PROBLEM DETAILS: Every entry should be returned unchanged, with the pictures omitted.

-- DATASET RECORDS follows --

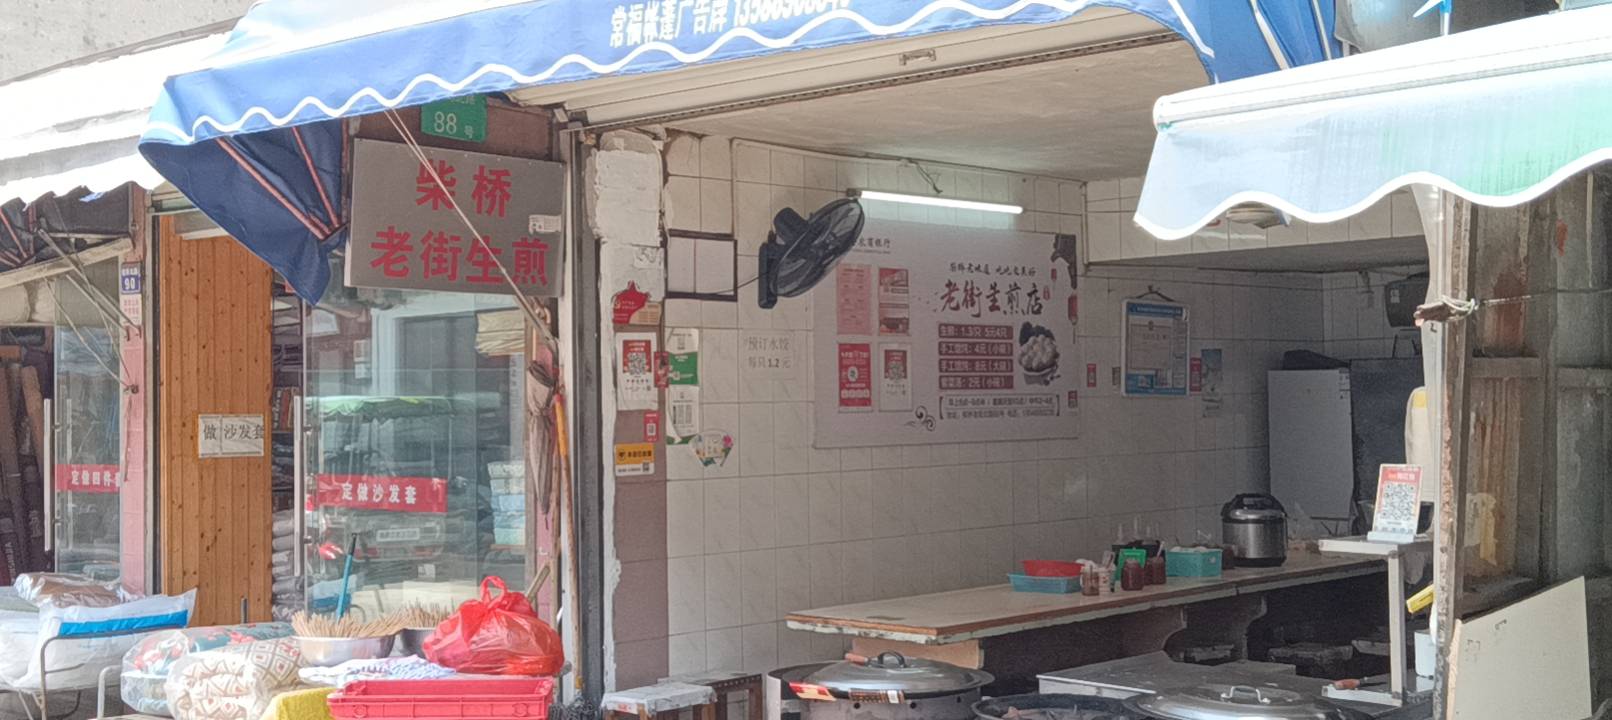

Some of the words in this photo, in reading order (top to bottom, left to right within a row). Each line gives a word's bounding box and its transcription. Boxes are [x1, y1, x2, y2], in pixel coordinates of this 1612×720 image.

[434, 111, 457, 134] 88
[415, 159, 512, 218] 柴桥
[369, 226, 549, 286] 老街生煎
[124, 277, 136, 290] 90
[940, 279, 1043, 318] 老街生煎店
[341, 483, 417, 504] 定做沙发套

-- DATASET RECORDS concluded --

RESPONSE TO THE EXERCISE:
Some of the words in this photo, in reading order (top to bottom, left to right within a row). Each line gives a word's bounding box and its transcription. Boxes are [x1, y1, x2, y2], in pixel coordinates of this 1612×720 image.

[434, 111, 457, 134] 88
[415, 159, 512, 218] 柴桥
[369, 226, 549, 286] 老街生煎
[124, 277, 136, 290] 90
[940, 279, 1043, 318] 老街生煎店
[341, 483, 417, 504] 定做沙发套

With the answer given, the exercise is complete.